These are probably useful categories in many cases, but I really don't like the labels. Garbage is mildly annoying, as it implies that there's no useful signal, not just difficult-to-identify signal. It's also putting the attribute on the wrong thing - it's not garbage data, it's data that's useful for other purposes than the one at hand. "verbose" or "unfiltered" data, or just "irrelevant" data might be better.
Blessed and cursed are much worse as descriptors. In most cases there's nobody doing the blessing or cursing, and it focuses the mind on the perception/sanctity of the data, not the use of it. "How do I bless this data" is a question that shows a misunderstanding of what is needed. I'd call this "useful" or "relevant" data, and "misleading" or "wrongly-applied" data.
To repeat, though, the categories are useful - actively thinking about what you know, and what you could know, about data in a dataset, and how you could extract value for understanding the system, is a VERY important skill and habit.
It's also putting the attribute on the wrong thing - it's not garbage data, it's data that's useful for other purposes than the one at hand.
Mostly it's not useful for anything. Like the logs contains lots of different types of information, and all the different types of information are almost always useless for all purposes, but each type of information has a small number of purpose for which a very small fraction of that information is useful.
Blessed and cursed are much worse as descriptors. In most cases there's nobody doing the blessing or cursing, and it focuses the mind on the perception/sanctity of the data, not the use of it.
This is somewhat intentional. One thing one can do with information is give it to others who would not have seen it. Here one sometimes needs to be careful to preserve and highlight the blessed information and eliminate the cursed information.

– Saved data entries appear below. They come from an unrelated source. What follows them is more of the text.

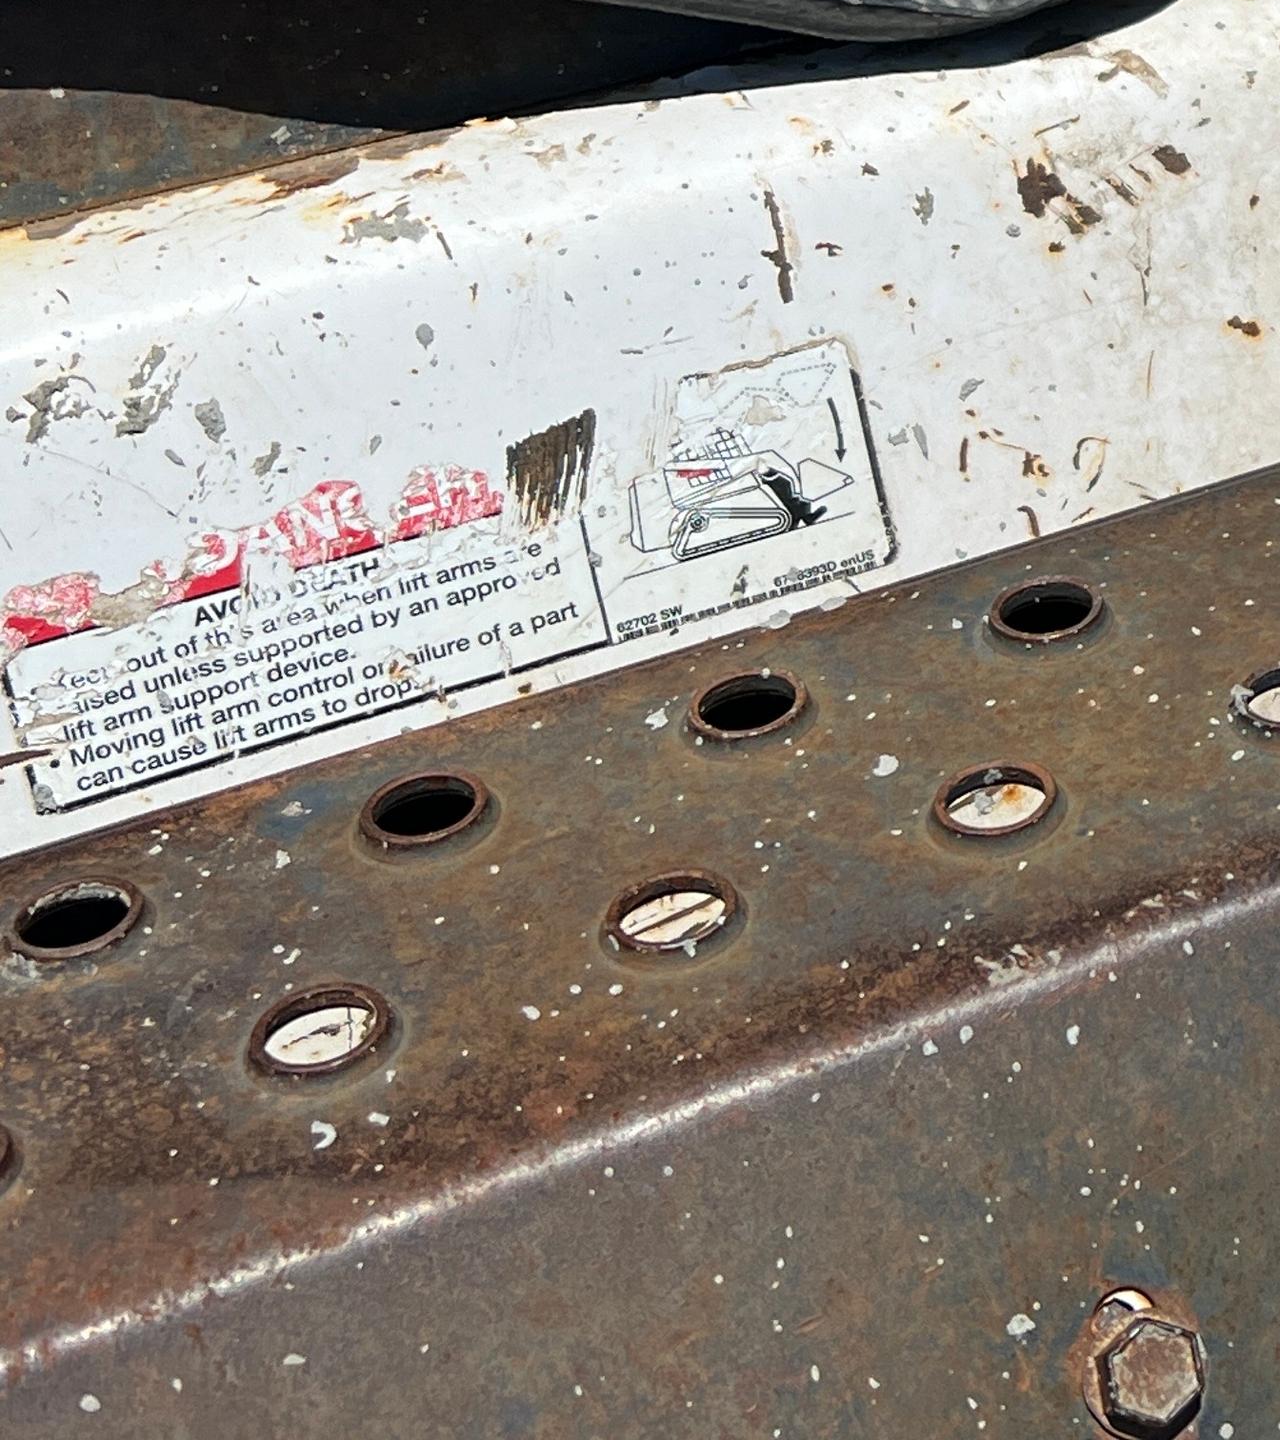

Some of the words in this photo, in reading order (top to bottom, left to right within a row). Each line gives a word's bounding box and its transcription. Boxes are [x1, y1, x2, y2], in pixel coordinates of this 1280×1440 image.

[126, 646, 168, 672] out
[174, 635, 198, 658] of
[204, 624, 254, 647] ths
[436, 556, 497, 585] arms
[504, 542, 541, 564] ae
[616, 611, 658, 633] 62702
[660, 604, 684, 623] SW
[773, 561, 837, 587] 678393D
[840, 549, 875, 567] enUS
[58, 679, 136, 714] aised
[143, 658, 227, 693] unless
[233, 613, 364, 667] supported
[371, 607, 400, 628] by
[408, 597, 439, 617] an
[62, 719, 96, 741] lift
[103, 705, 152, 732] arm
[160, 671, 260, 714] support
[267, 648, 356, 683] device.
[70, 727, 165, 768] Moving
[171, 712, 205, 736] lift
[211, 699, 260, 725] arm
[267, 664, 354, 708] control
[362, 662, 384, 679] or
[407, 637, 471, 665] ailure
[477, 623, 501, 646] of
[508, 621, 526, 638] a
[529, 601, 579, 634] part
[76, 766, 124, 791] can
[131, 740, 207, 776] cause
[253, 707, 316, 737] arms
[322, 697, 348, 717] to
[355, 679, 419, 707] drop.
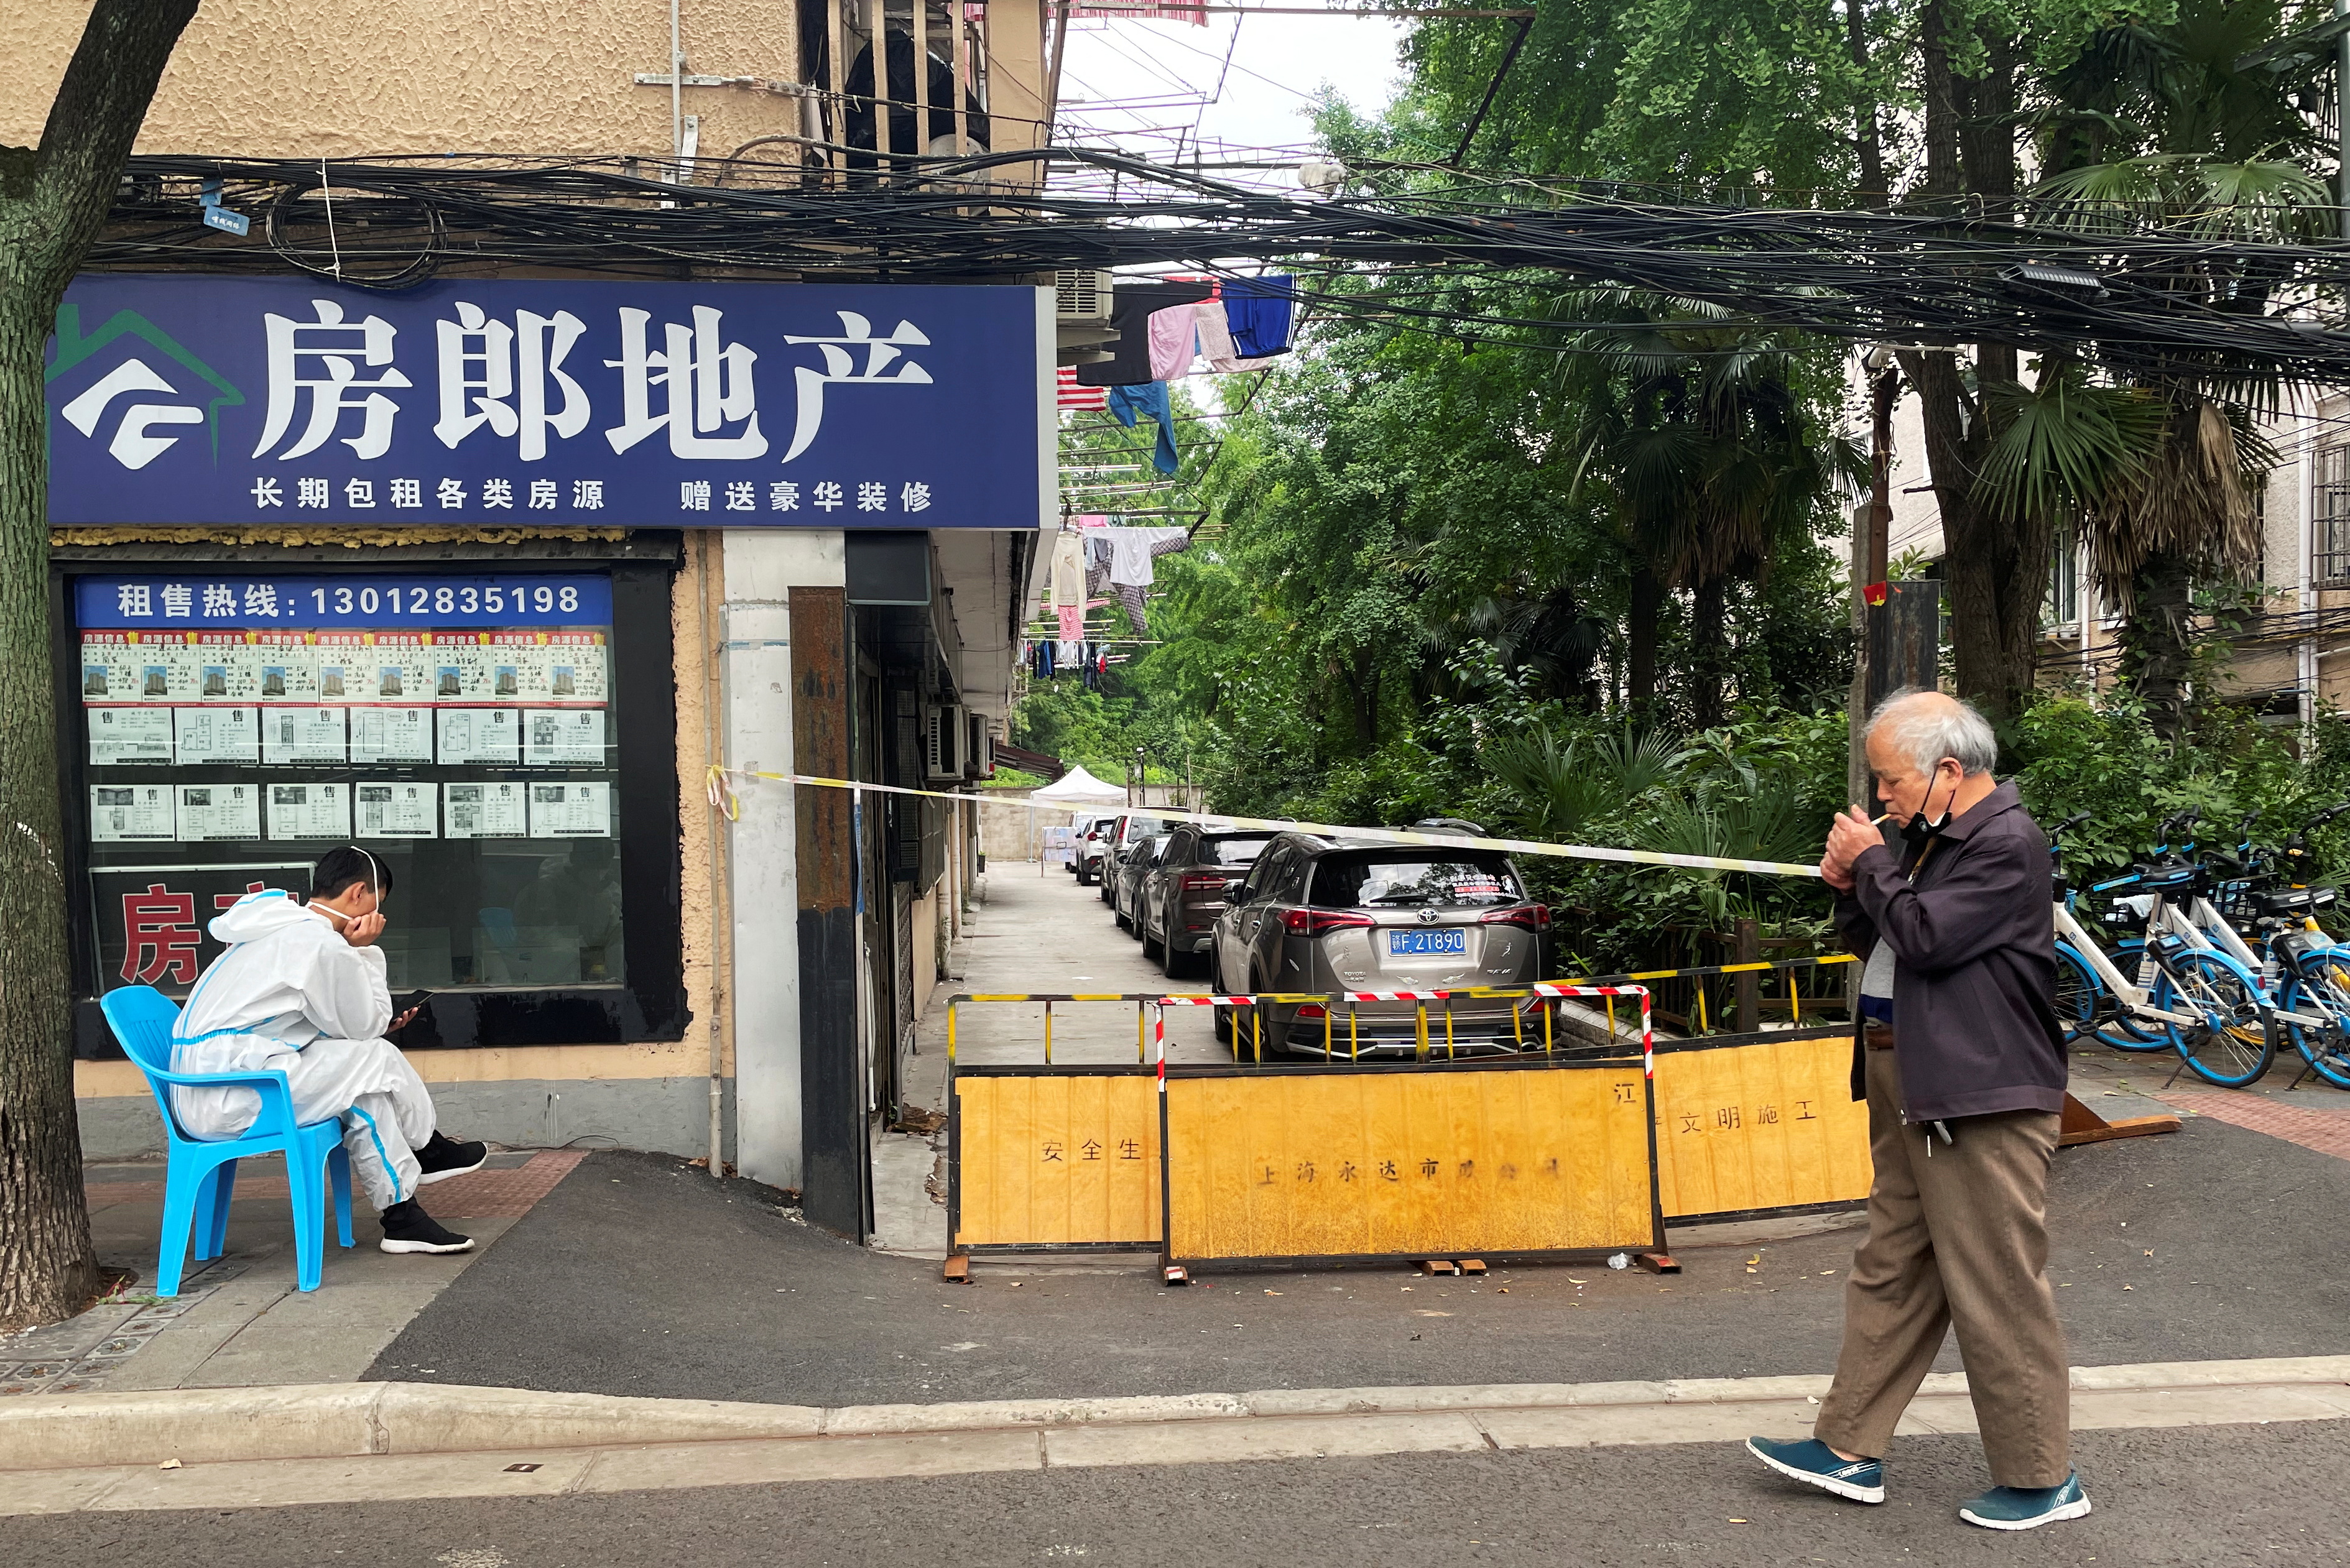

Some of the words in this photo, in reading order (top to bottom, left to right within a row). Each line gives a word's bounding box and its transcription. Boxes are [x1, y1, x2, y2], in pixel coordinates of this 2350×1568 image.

[252, 300, 933, 464] 房郎地产
[251, 477, 604, 510] 长期包租各类房源
[681, 480, 932, 512] 赠送豪华装修
[379, 635, 419, 645] 房源信息
[437, 635, 476, 645] 房源信息
[494, 635, 534, 645] 房源信息
[552, 635, 591, 645] 房源信息
[1042, 1139, 1141, 1162] 安全生

Examples of blessed information that I have seen in the context of logging:
It might be tempting to think you could use multivariate statistics like factor analysis to distill garbage information by identifying axes which give you unusually much information about the system. In my experience, that doesn't work well, and if you think about it for a bit, it becomes clear why: if the garbage information has a 50 000 : 1 ratio of garbage : blessed, then finding an axis which explains 10 variables worth of information still leaves you with a 5 000 : 1 ratio of garbage : blessed. The distillation you get with such techniques is simply not strong enough.[1][2]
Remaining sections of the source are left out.